Sunday, August 13, 2023

DRC's Displaced Persons Come to Don Bosco

Displaced Persons of DRC Come to Don Bosco

Victims of a misery that doesn’t say its name


(ANS – Shasha, DRC – August 11, 2023)
 – Shasha is a small part of the village of Kituva, in the territory of Masisi in the Democratic Republic of Congo. This portion of the village is located on the shores of Lake Kivu on national road 2, which connects the city of Goma to the city of Bukavu. In this village since February 10, a mass of population has come to seek asylum on the soccer field of the Don Bosco Shasha primary school.

The astonished and upset students were demoralized and did not know how to study well. This prompted the Salesians to give the students leave while the war-displaced occupied the classrooms. In total they numbered 79 households. Each household consisted of about 6 people. As the situation persisted, the number of displaced people increased, and as the Salesians could not leave the students unemployed for an indefinite period, they consulted the village chief to convey to him their concern to resume classes. So the village chief asked them to put the displaced people in a camp on Don Bosco Shasha’s land. A new life was beginning for them.

Like the people of Israel who camped in the desert, the displaced people came to Don Bosco Shasha. “Since February 18, 2023, our superiors have authorized us to welcome the displaced persons of the M23 war who came from everywhere and to allow them to build the camp to give everyone a place to sleep. This was the beginning of displaced persons’ occupying the soccer field of the Don Bosco Shasha primary school. They try to live, but without the hope of surviving,” says Fr. Kizito Tembo, Salesian superior in Shasha.

“Before this misery, who could close his eyes? In the camp, life seems to have stopped. The pupils who studied in their schools of origin, the parents who had their fields, the young people who managed here and there can no longer do so…. The war has paralyzed everything,” he adds.

The refugees wake up in the morning not knowing what they are going to eat or how the day will end. It’s worse still when it raine. Families have to huddle around a fire to keep warm. Disease has carried some of them away. In a foreign land, with no way out or hope for tomorrow, misfortune never comes alone. In this chaos that does not say its name, the most vulnerable classes are pregnant women, the elderly, the sick, and children.


After a long road of exile, those who caught some disease along the way began to succumb. The mourning has begun. Children have become victims of cholera, measles, and malnourishment. Pregnant women have miscarriages, and others have stillbirths. Misery upon misery. Breastfeeding women do not have enough breast milk; a disaster for babies.

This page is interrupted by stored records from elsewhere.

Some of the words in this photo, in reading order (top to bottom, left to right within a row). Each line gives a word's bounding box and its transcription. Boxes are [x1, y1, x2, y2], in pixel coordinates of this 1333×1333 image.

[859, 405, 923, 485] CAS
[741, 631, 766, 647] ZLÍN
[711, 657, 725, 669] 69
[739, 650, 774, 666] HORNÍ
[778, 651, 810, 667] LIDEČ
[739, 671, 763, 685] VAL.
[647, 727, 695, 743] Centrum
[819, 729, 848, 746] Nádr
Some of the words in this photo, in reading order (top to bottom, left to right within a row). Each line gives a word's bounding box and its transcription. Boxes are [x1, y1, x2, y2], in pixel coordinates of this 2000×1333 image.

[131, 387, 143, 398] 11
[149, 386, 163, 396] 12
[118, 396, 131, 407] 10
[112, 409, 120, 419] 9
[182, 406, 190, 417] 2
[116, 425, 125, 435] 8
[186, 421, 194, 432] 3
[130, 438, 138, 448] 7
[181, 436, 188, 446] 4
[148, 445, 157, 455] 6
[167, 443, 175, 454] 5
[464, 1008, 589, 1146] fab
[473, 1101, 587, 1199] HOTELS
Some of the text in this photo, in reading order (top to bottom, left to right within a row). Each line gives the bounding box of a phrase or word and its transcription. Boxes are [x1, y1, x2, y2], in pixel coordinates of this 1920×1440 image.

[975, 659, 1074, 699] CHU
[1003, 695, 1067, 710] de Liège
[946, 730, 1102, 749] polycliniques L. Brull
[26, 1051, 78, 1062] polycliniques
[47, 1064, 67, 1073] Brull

“Faced with such a situation, silence would be complicity. Worse still is the silence of the humanitarian organizations. They are aware of this situation, because they came to visit, identify, send their agents to see what it was all about. But they do nothing to help these people who are suffering terribly,” Fr. Tembo comments with bitterness.

What are the scourges that threaten them? For many the problem is housing; their huts do not have a tarp. And when it rains, the rainwater gets into the huts, and the people get really wet. Many people fall ill; not only do they not have proper care, but they take the medicine without eating. But medicine without food is poison. Numerous children are malnourished due to lack of food. They were starting to die overnight.

The Salesians organized themselves to celebrate Mass for them every Sunday with the Christians of Kirotshe. In the same line they are available to listen to them and give them the sacraments of the Church. In addition, with the support of some friends and brothers, they’ve started giving porridge to malnourished children, and one meal a day so that they can save the few cases from each category.

So much that the suffering is over, the porridge is not only for the children, but also the grown-ups and elderly come forward to receive their portions.

The Salesians intend to give all the children the chance to go back to school with the other students at the beginning of next academic year, in September 2023 at the Don Bosco Shasha primary school, and teach one or more occupation to anyone who wants it through a vocational training center.

“In front of these crowds of miserable people, our action is like a drop in the ocean,” Fr. Tembo shares. So, he concludes with an appeal: “We invite you all, all over the world, to come to the aid of all these populations who are suffering terribly from a misery that does not say its name and whose end is known only to God.”